Sunday, August 26, 2012


Obviously, I love the West or I wouldn't be associated with Sweethearts of the West. Even my contemporary novels and mysteries are set in the West, but I've written more novels set in the historic West as depicted by Frederick Remington. A few of his works are in the Amon Carter Museum in Fort Worth, Texas. I love that museum, which is one of the few free museums around. If I were wealthy, I'd have a larger home with walls hung with western art. As it is, I look at books like the one Dover Publishing sells (with a DVD) of famous Western paintings. Let me tell you about one of my favorite Western artists, Frederick Remington.

Frederick Sackrider Remington was the most successful Western illustrator in the “Golden Age” of illustration at the end of the 19th Century and the beginning of the 20th Century. Other Western artists such as Charles Russell (another of my favorites) and Charles Schreyvogel were known during Remington’s life as members of the “School of Remington”. His style was naturalistic, sometimes impressionistic, and usually veered away from the realism of earlier Western artists such as George Catlin. His focus was firmly on the people and animals of the West, with landscape usually of secondary importance--as opposed to Albert Bierstadt, who focused on the natural beauty with people and/or animals minutely included. Remington took artistic liberties in his depictions of human action, and for the sake of his readers’ and publishers’ interest. Though always confident in his subject matter, Remington was less sure about his colors, and critics often harped on his palette, but his lack of confidence drove him to experiment and produce a great variety of effects, some very true to nature and some imagined. You can see his solution clearly in the shadows below.

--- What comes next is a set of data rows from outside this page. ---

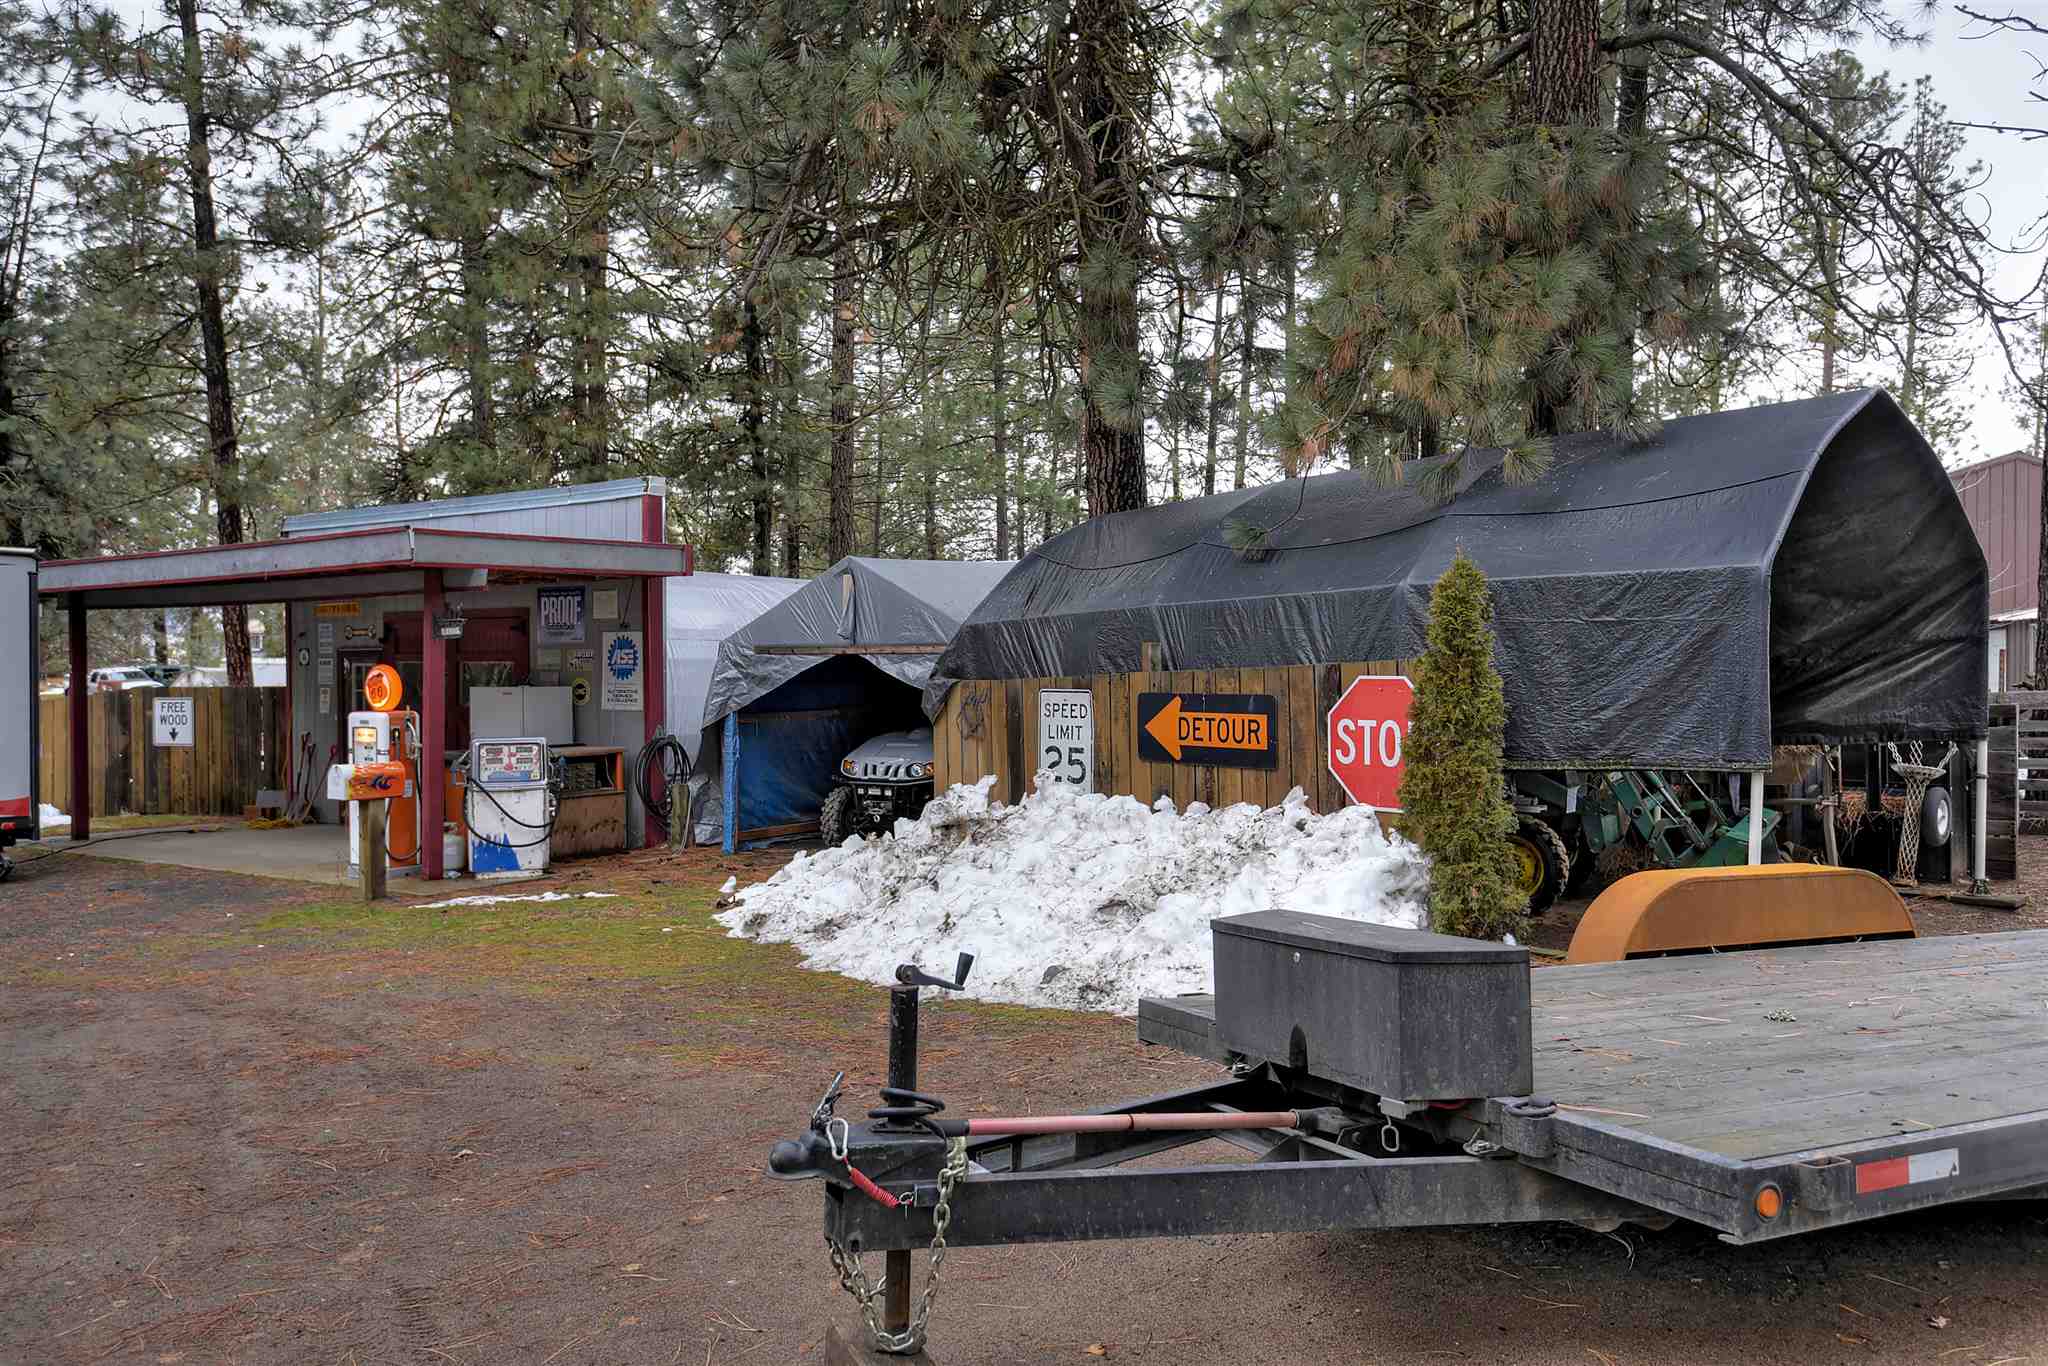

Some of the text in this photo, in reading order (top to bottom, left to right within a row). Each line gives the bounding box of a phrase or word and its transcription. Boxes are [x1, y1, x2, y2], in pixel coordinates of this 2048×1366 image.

[610, 648, 634, 665] ASE
[161, 701, 186, 713] FREE
[1043, 702, 1088, 719] SPEED
[160, 714, 188, 726] WOOD
[1048, 724, 1083, 741] LIMIT
[1178, 715, 1262, 746] DETOUR
[1335, 718, 1412, 768] STO
[1045, 745, 1087, 785] 25
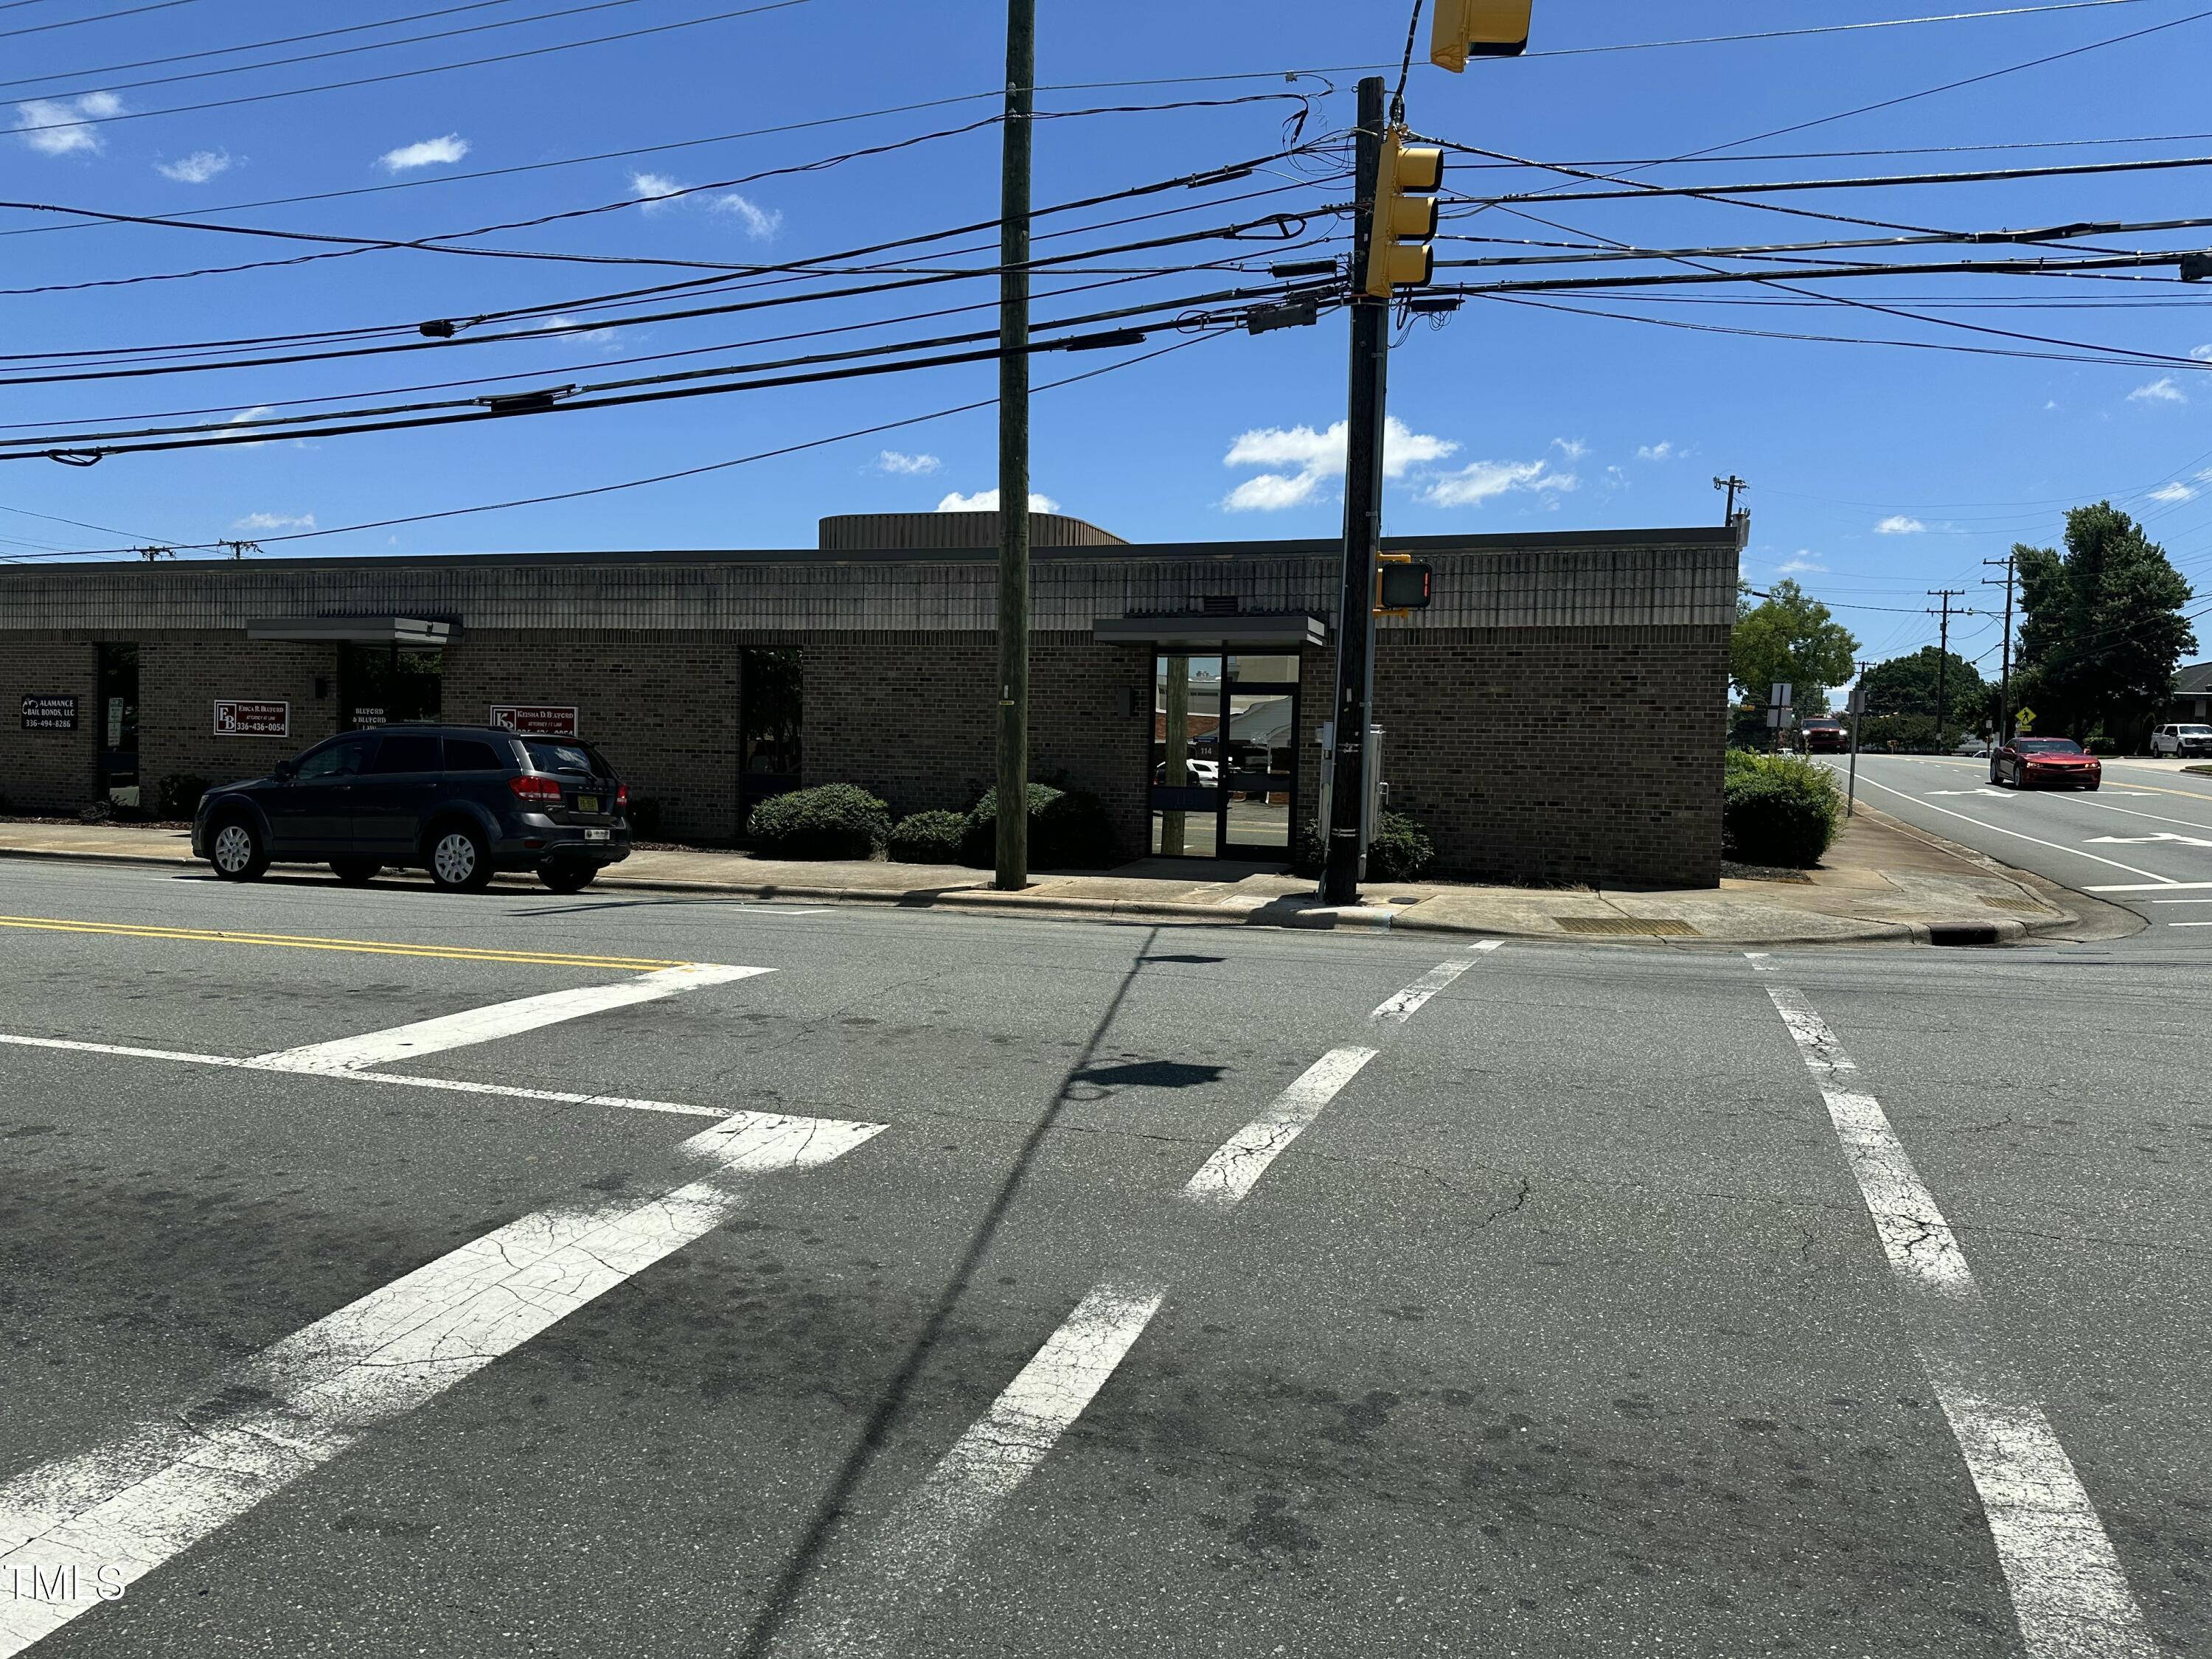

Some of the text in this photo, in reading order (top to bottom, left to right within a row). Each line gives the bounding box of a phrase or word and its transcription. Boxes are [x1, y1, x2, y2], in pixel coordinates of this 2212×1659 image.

[41, 709, 63, 717] BONDS,
[64, 709, 75, 717] LLC
[517, 710, 540, 718] KEISHA
[26, 720, 71, 728] 336-494-8286
[237, 723, 285, 731] 336-436-0054
[1200, 747, 1212, 755] 114
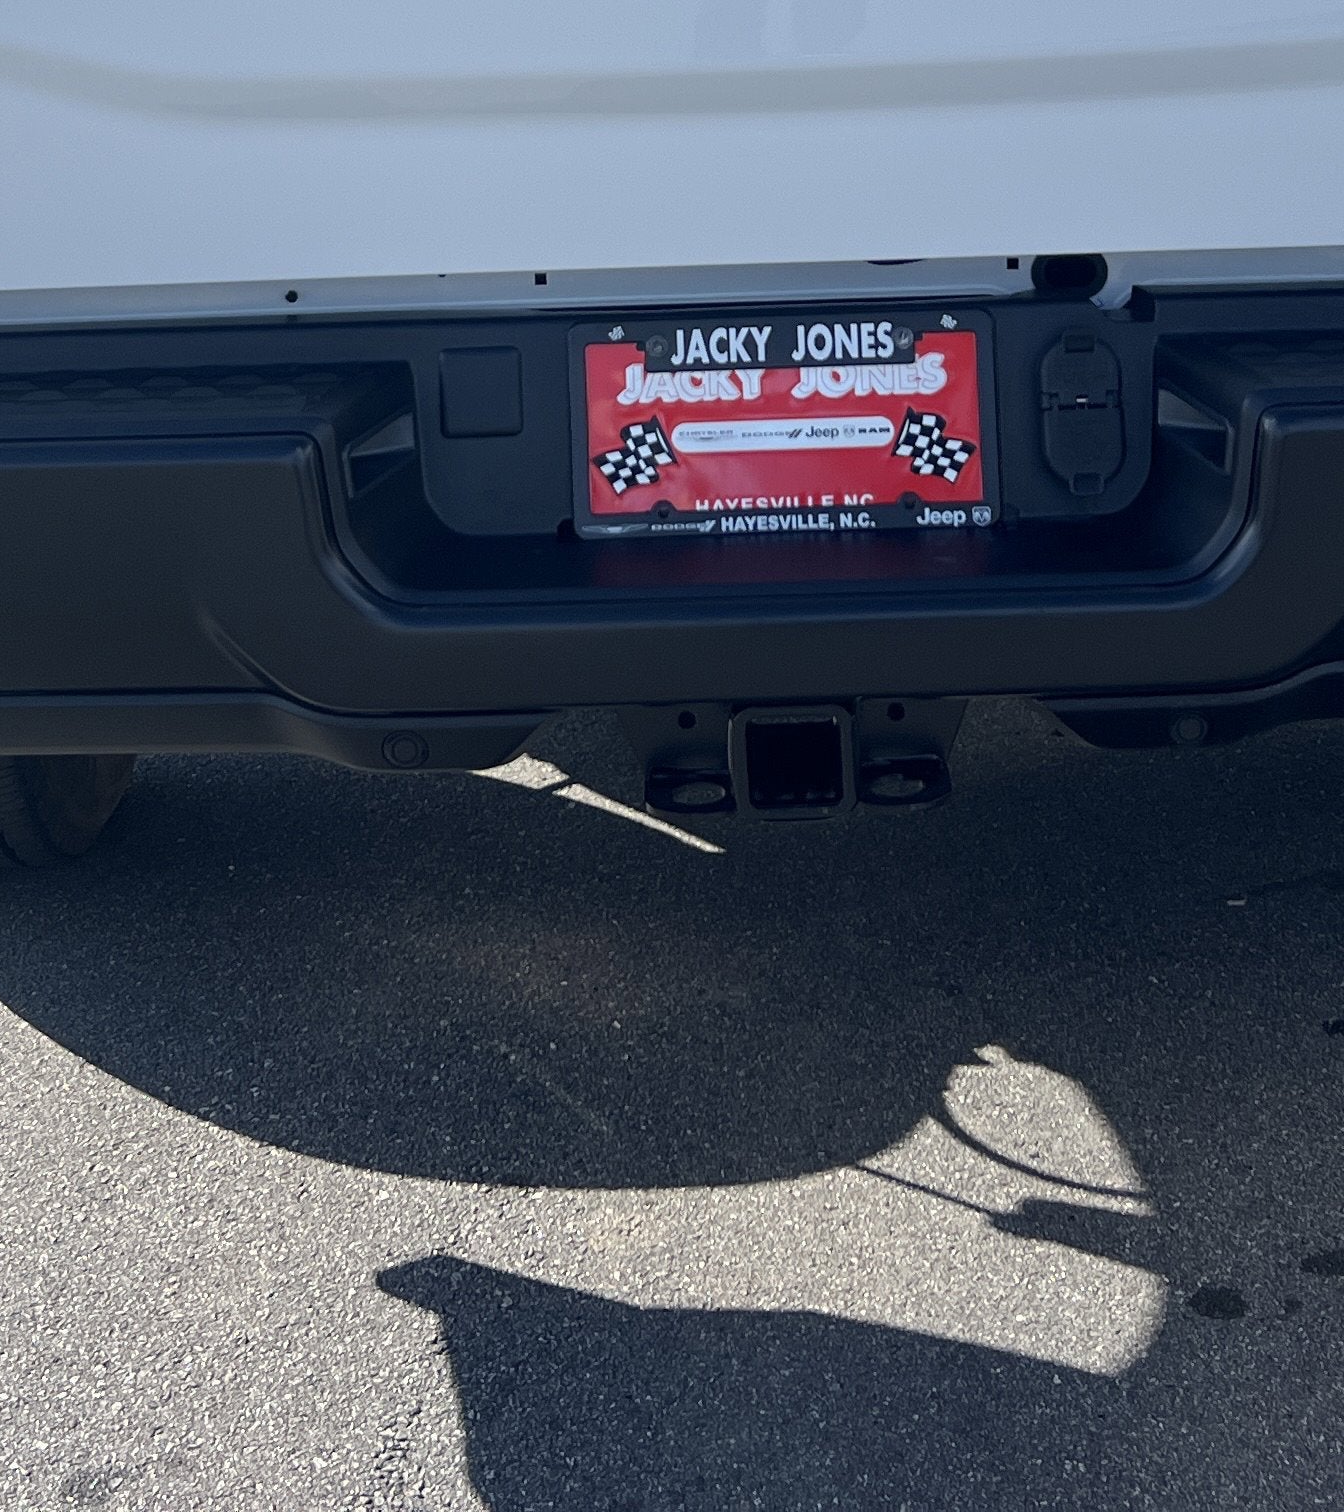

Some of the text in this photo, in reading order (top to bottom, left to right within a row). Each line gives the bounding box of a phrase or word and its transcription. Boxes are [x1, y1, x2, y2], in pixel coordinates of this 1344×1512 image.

Aiding A Comrade, circa 1890

Remington was born in Canton, New York October 4, 1861 to Clara (Sackrider)  and Seth Pierre Remington. The family moved to Ogdensburg, New York when Remington was eleven and he attended Vermont Episcopal Institute, a church-run military school, where his father hoped discipline would rein in his son’s lack of focus, and perhaps lead to a military career via West Point. Remington took his first drawing lessons at the Institute. He then transferred to another military school where his classmates found the young Remington to be a pleasant fellow, a bit careless and lazy, good-humored, and generous of spirit, but definitely not soldier material. He enjoyed making caricatures and silhouettes of his classmates.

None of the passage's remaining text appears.